[Assignment]
Set down all of the records below exactly, please, omitting the images.

Dataset excerpts

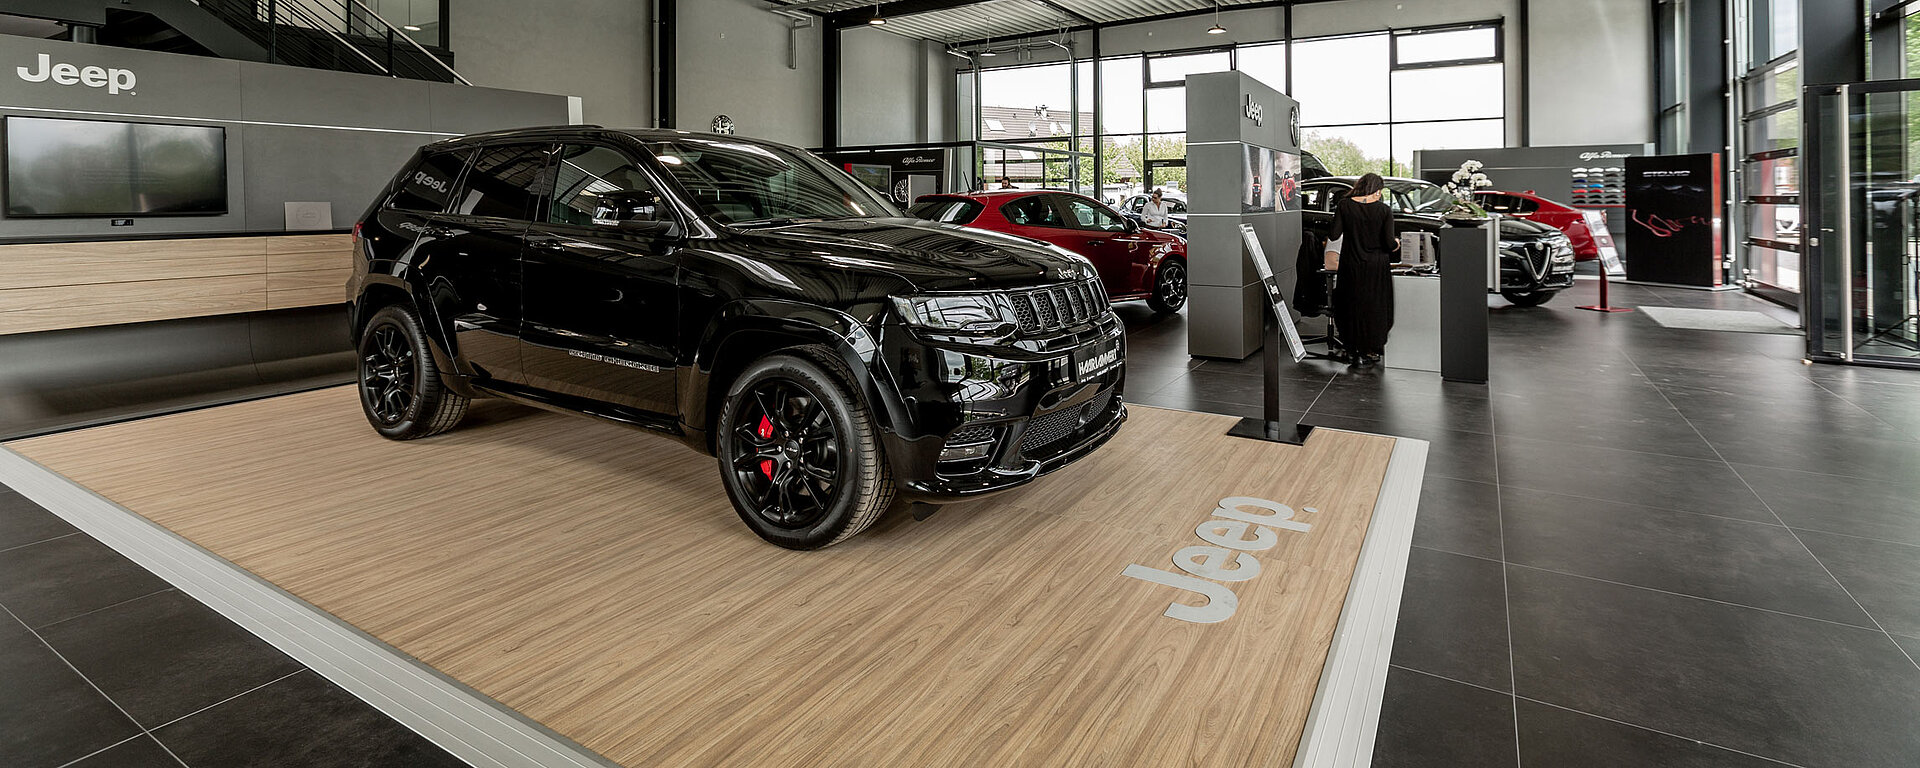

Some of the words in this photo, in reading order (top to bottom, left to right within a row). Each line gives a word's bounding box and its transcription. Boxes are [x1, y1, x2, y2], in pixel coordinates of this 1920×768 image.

[1245, 93, 1263, 127] Jeep
[1579, 151, 1601, 161] Alfa
[1600, 151, 1631, 159] Romeo
[902, 157, 915, 166] Alfa

[Problem solution]
Some of the words in this photo, in reading order (top to bottom, left to right within a row). Each line gives a word's bounding box and its transcription. Boxes are [x1, y1, x2, y2], in pixel coordinates of this 1920×768 image.

[1245, 93, 1263, 127] Jeep
[1579, 151, 1601, 161] Alfa
[1600, 151, 1631, 159] Romeo
[902, 157, 915, 166] Alfa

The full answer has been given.